Speaker
Description
The imminent high-luminosity era of the LHC will pose unprecedented challenges to the CMS detector. To meet these challenges, the CMS detector will undergo several upgrades, including replacing the current endcap calorimeters with a novel High-Granularity Calorimeter (HGCAL). A dedicated reconstruction framework, The Iterative Clustering (TICL), is being developed within the CMS Software (CMSSW). This new framework is designed to fully exploit the high spatial resolution and precise timing information provided by HGCAL, as well as the information from other subdetectors (e.g., Tracker and Mip-Timing-Detector). Its reconstruction capabilities aim to provide the final global event interpretation while mitigating the effects of the dense pile-up environment. The TICL framework, crafted with heterogeneous computing in mind, is a unique solution to the computing challenges of the HL-LHC phase. Data structures and algorithms have been developed for massively parallel architectures using the Alpaka performance portability library. The framework reconstructs particle candidates starting from the hundreds of thousands of energy deposits left in the calorimeter. Dedicated clustering algorithms have been developed to retain the physics information while reducing the problem complexity by order of magnitudes. Pattern recognition algorithms aim to reconstruct particle showers in the 3-dimensional space, striving for high efficiency and cluster purity, keeping the pile-up contamination as low as possible. The high-purity requirements, together with detector inhomogeneity, lead to fragmented 3D clusters. An additional linking step is available to recover the fragmentation.
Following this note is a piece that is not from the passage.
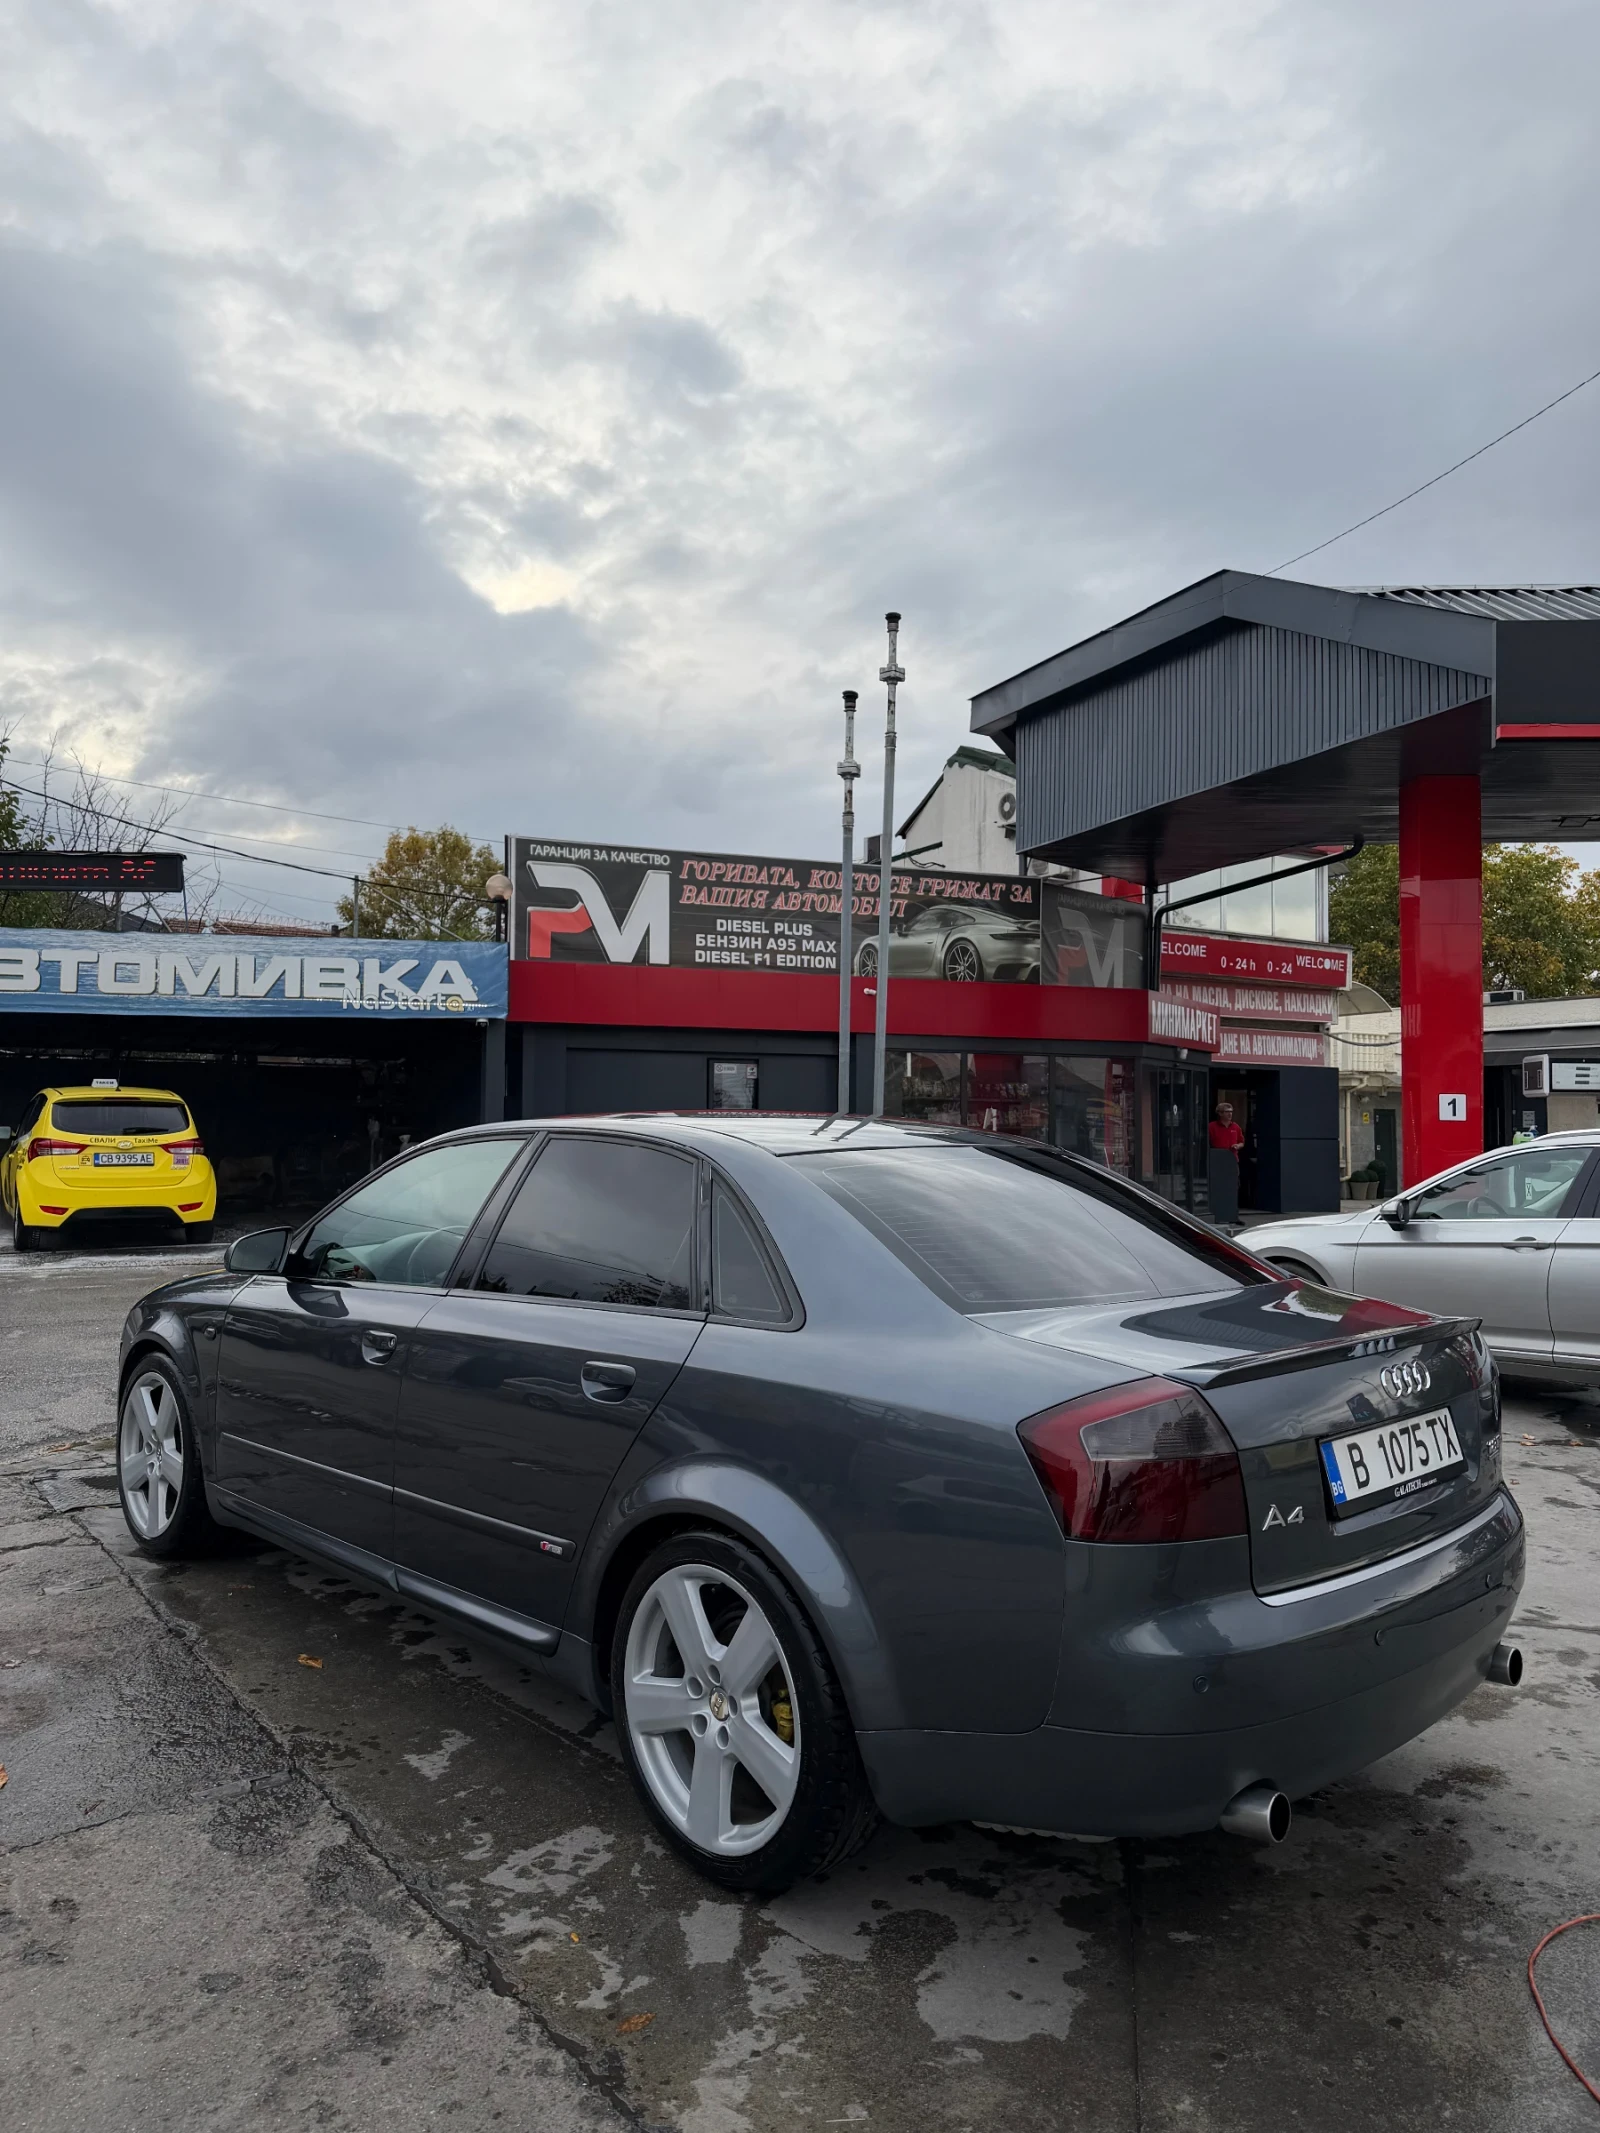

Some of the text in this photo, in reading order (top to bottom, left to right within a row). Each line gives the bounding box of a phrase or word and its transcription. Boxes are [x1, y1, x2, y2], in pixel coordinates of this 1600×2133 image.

In this step, several algorithms are adopted to target different types of particle shower reconstruction. A SuperClustering linking plugin has been developed for electron and photon reconstruction, while a geometrical linking is used to target the hadron reconstruction. The final charged candidates are built by linking Tracks with the HGCAL 3D clusters, exploiting timing information from both HGCAL and MTD. This presentation will introduce the TICL framework. Its physics and computational performance will be highlighted, showcasing the approach adopted to face the challenges of HL-LHC.